The painted image comprises of three bold rounded forms in red and pink that have been painted using a large brush. A bright red slightly matte paint was initially used for the uppermost shape, and then a darker red was worked over the bright red to darken the colour. Confident zig-zag shaped brush strokes are visible in the upper shape, which suggests the painting was executed with some rapidity. The middle red shape appears well bound, medium rich but matte, with a slight tinge of white – traces of titanium white were detected in the red paint of the middle shape. The lower pink shape appears very bright, but it has a chalky matte appearance in places. Chalking of the impasto in small localised regions of the pink paint may relate to the use of titanium white which was mixed in with an organic colourant. Having completed the three shapes, the artist used white paint to paint around the two lower shapes, and generally the lower half of the canvas. This has the effect of making the lower half of the painting look brighter, and emphasises the transition in tonality from the dark red upper shape to the bright pink lower shape. There is some wet-in-wet blending of the white paint with the edges of the red and pink shapes. The primed canvas is left unpainted around the uppermost red shape.

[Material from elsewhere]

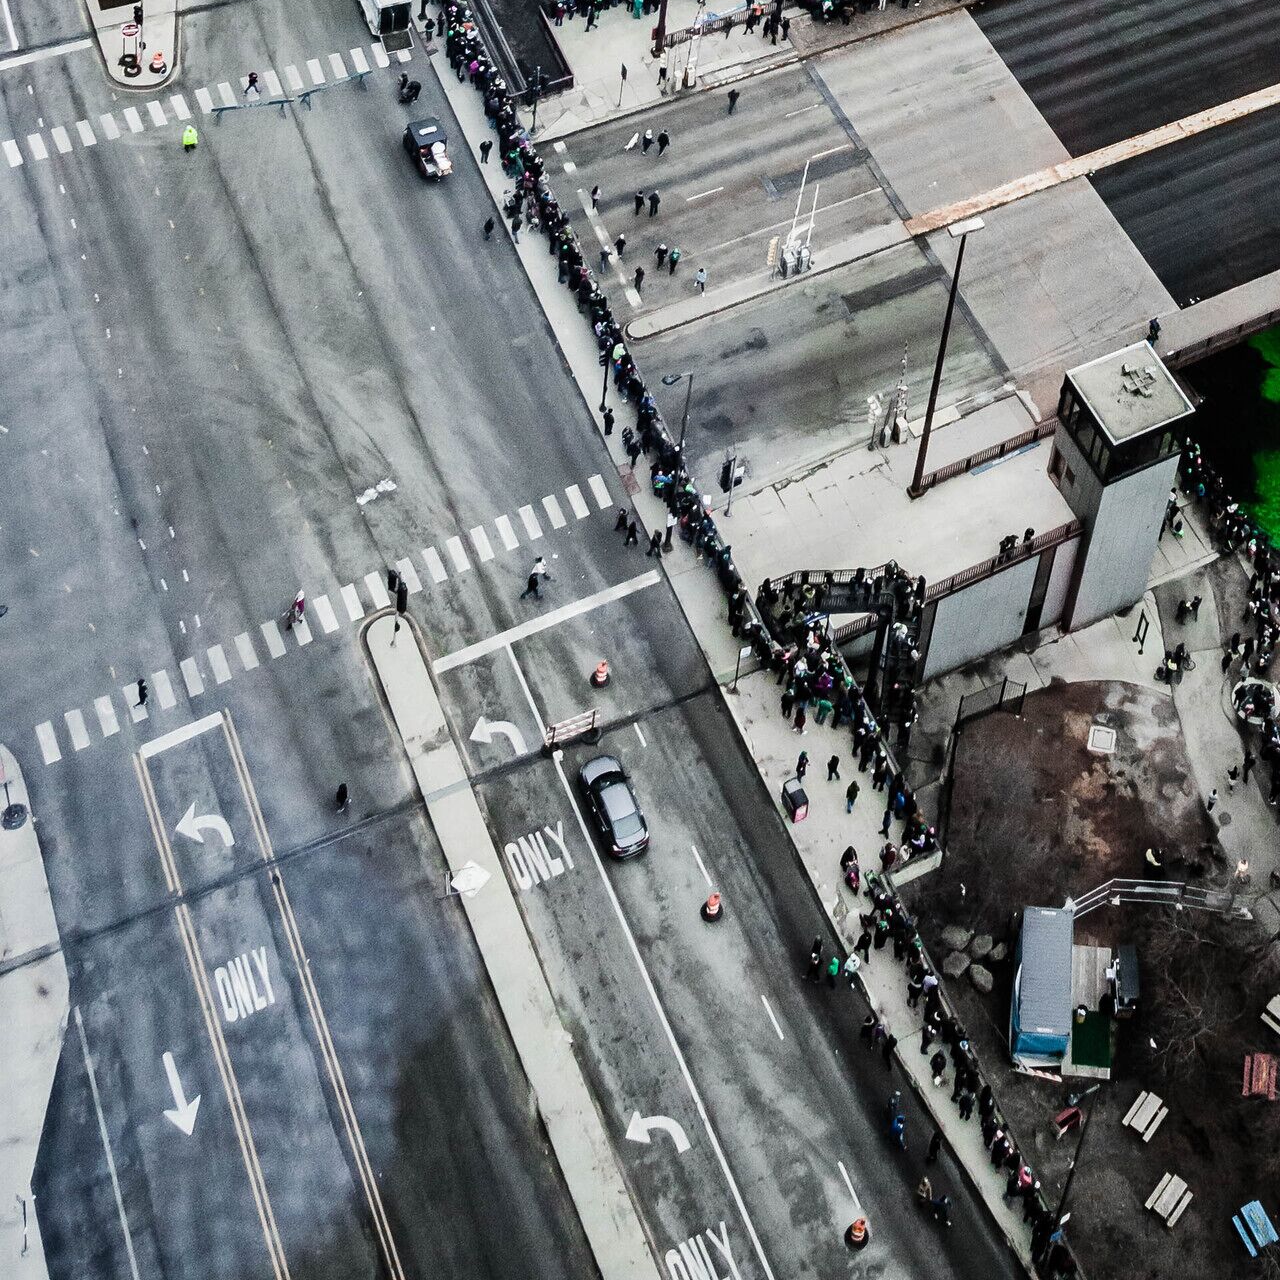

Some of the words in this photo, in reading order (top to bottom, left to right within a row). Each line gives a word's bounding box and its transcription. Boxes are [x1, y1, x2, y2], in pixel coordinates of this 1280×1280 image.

The painting is in excellent condition, however the red passages that comprises the two large red forms are water sensitive. Water sensitivity is frequently observed in unvarnished twentieth century oil paintings, and is an area of ongoing research (see the Cleaning Modern Oil Paints project). The red paints are a combination of cadmium sulphide and an organic azo red colourant, while the pigment used in the pink passage is a mixture of titanium white (that also contains zinc oxide) and an as yet unidentified organic pigment. Calcium carbonate and barium sulphate extenders were identified in the paints, which is consistent with the use of commercially manufactured tube paints. Zinc soaps were also identified in the red paint, which may be present as an oil paint additive, used by paint manufacturers to modify the paint rheology (the flow behaviour of paint, e.g. its viscosity), or may have formed in situ as a result of reactions between zinc oxide pigment and the binding medium. Whilst the formation of zinc soaps has been implicated in the development of flaking paint, this painting does not show any signs of this type of deterioration. The painting is currently unframed and unglazed.
‘Ray Parker (1922-1990)’, Artnet, http://www.artnet.com/artists/ray-parker/, accessed 13 February 2017.
Karen Wilkin, Color as field: American Painting, 1950-1975, New Haven, Conn. and London, 2007.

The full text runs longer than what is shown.